What is expected: What is needed is an exact copy of the listing, with no pictures in it.

Data provided:
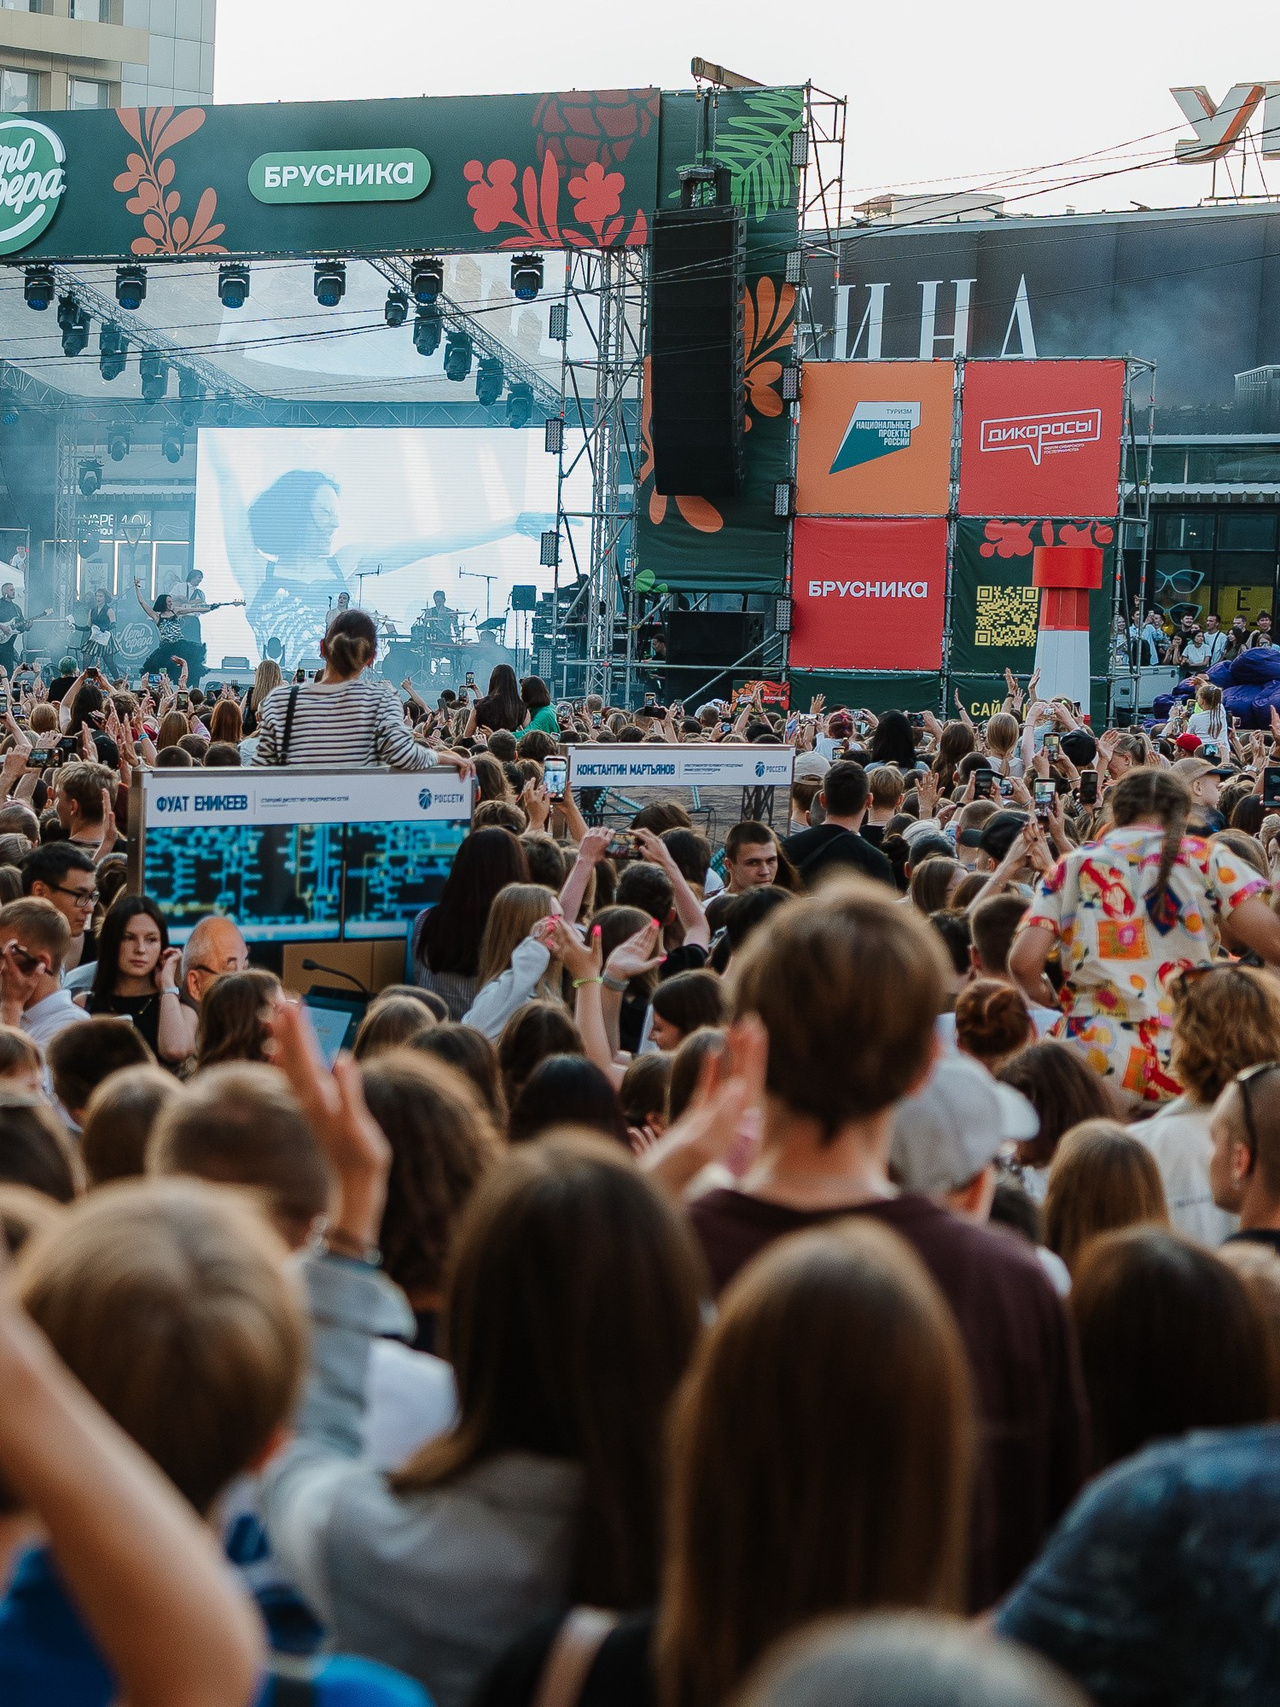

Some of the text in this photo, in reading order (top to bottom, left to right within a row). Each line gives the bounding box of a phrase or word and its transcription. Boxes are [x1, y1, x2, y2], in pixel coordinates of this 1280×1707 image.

[1168, 81, 1280, 165] У
[856, 420, 911, 431] НАЦИОНАЛЬНЫЕ
[987, 419, 1093, 442] ДИКОРОСЫ
[878, 429, 911, 438] ПРОЕКТЫ
[883, 437, 910, 446] РОССИИ
[576, 763, 676, 776] КОНСТАНТИН МАРТЬЯНОВ
[766, 765, 788, 773] РОССЕТИ
[156, 796, 190, 812] ФУАТ
[194, 795, 249, 811] ЕНИКЕЕВ
[434, 793, 465, 803] РОССЕТИ
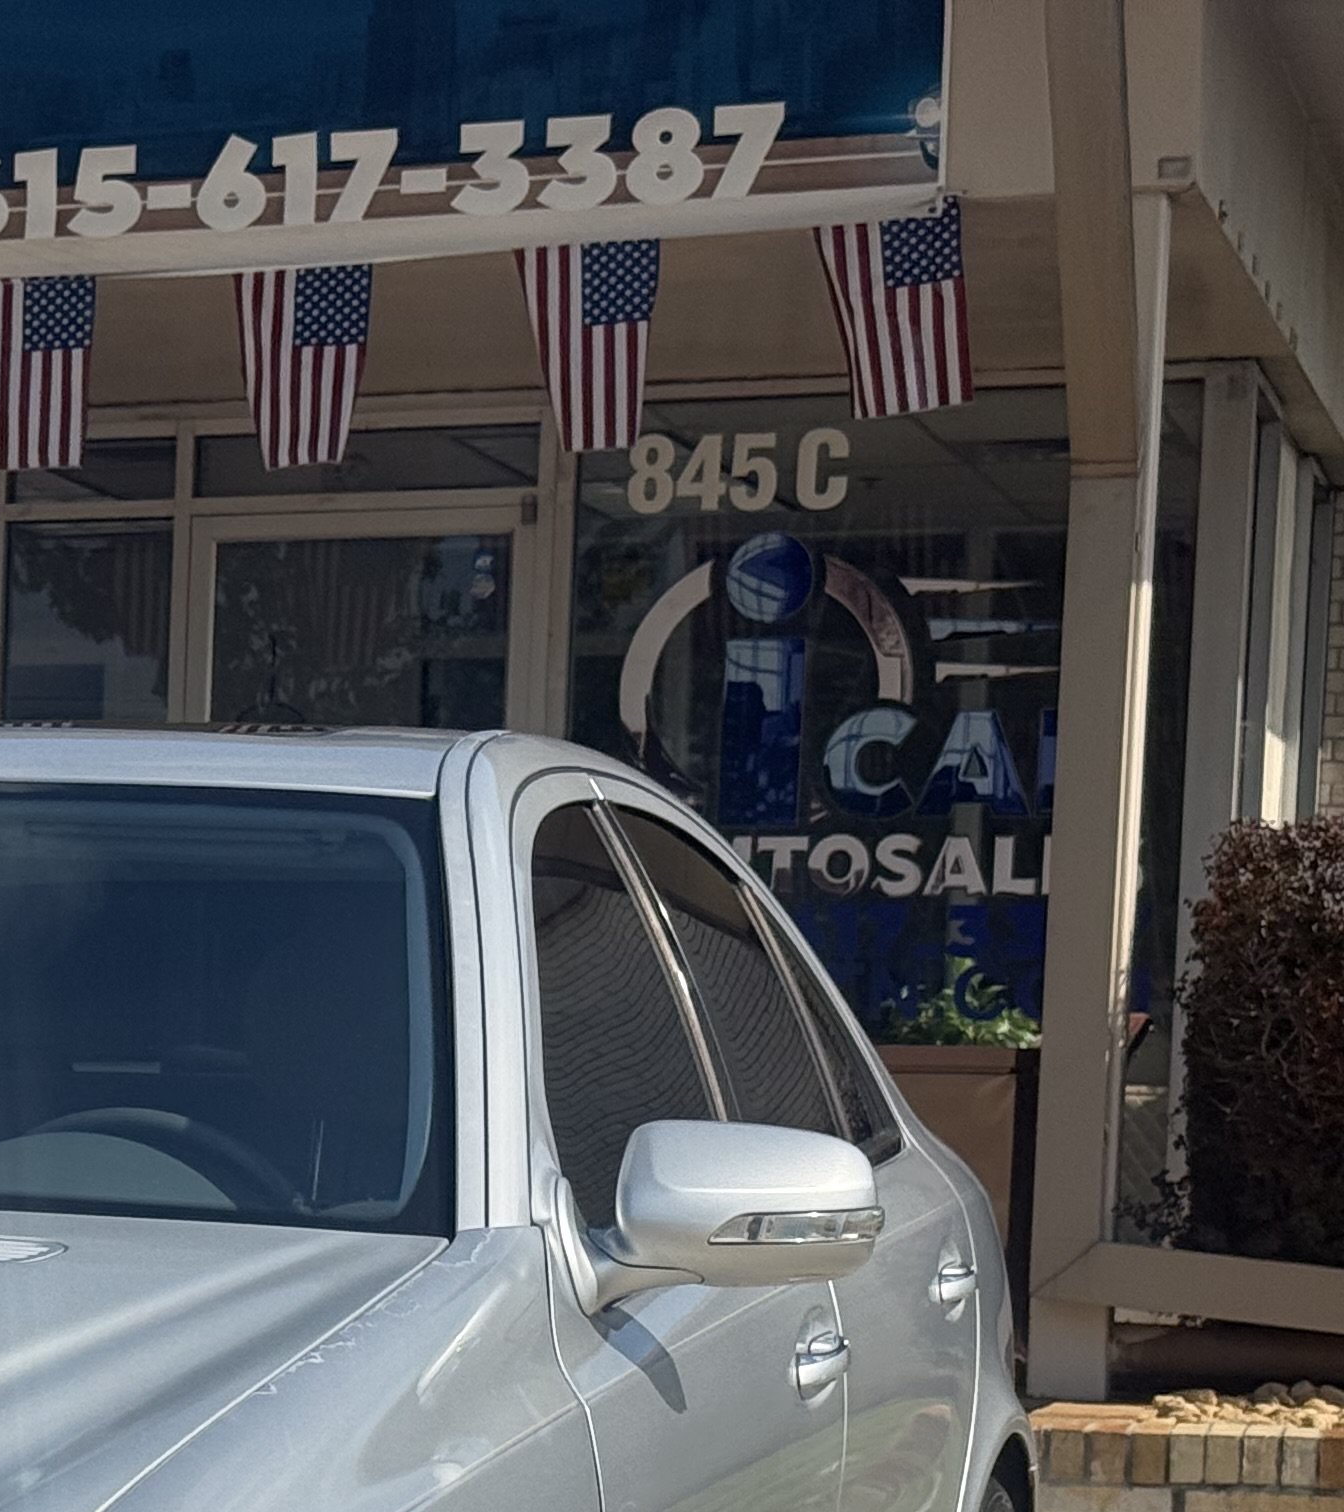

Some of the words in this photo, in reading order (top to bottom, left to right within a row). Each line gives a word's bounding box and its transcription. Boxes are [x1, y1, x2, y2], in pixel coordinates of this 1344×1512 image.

[626, 431, 778, 516] 845
[795, 427, 851, 513] C
[823, 707, 1057, 818] CA
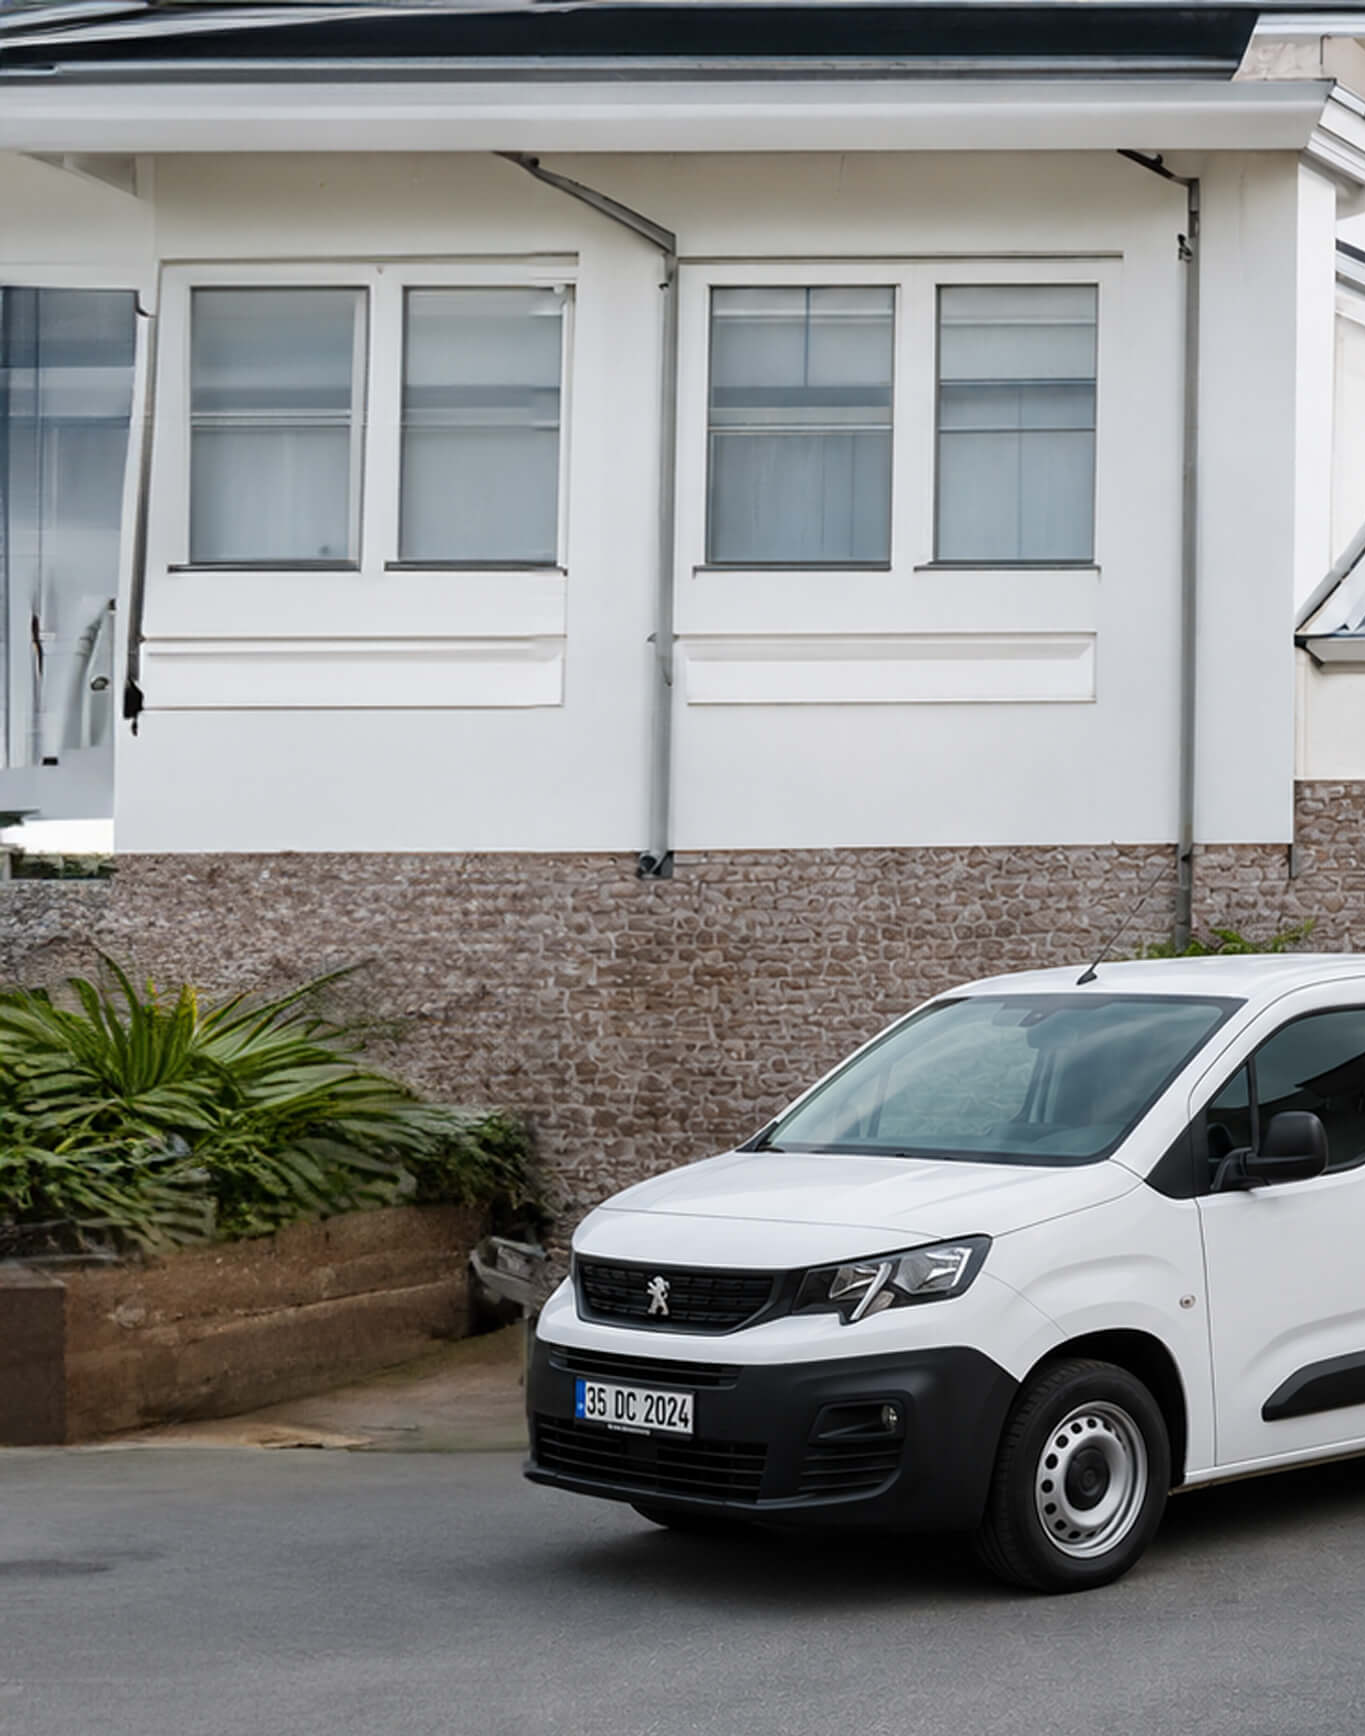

Result for this exercise:
Some of the text in this photo, in reading order (top to bottom, left to right within a row). Each line gives the bounding box of a phrase or word and its transcription. Boxes are [x1, y1, x2, y2], in pixel coordinates of this 1280×1707 image.

[1168, 81, 1280, 165] У
[856, 420, 911, 431] НАЦИОНАЛЬНЫЕ
[987, 419, 1093, 442] ДИКОРОСЫ
[878, 429, 911, 438] ПРОЕКТЫ
[883, 437, 910, 446] РОССИИ
[576, 763, 676, 776] КОНСТАНТИН МАРТЬЯНОВ
[766, 765, 788, 773] РОССЕТИ
[156, 796, 190, 812] ФУАТ
[194, 795, 249, 811] ЕНИКЕЕВ
[434, 793, 465, 803] РОССЕТИ

Some of the words in this photo, in reading order (top to bottom, left to right within a row). Each line gives a word's bounding box and its transcription. Boxes are [x1, y1, x2, y2], in pixel coordinates of this 1344×1512 image.

[626, 431, 778, 516] 845
[795, 427, 851, 513] C
[823, 707, 1057, 818] CA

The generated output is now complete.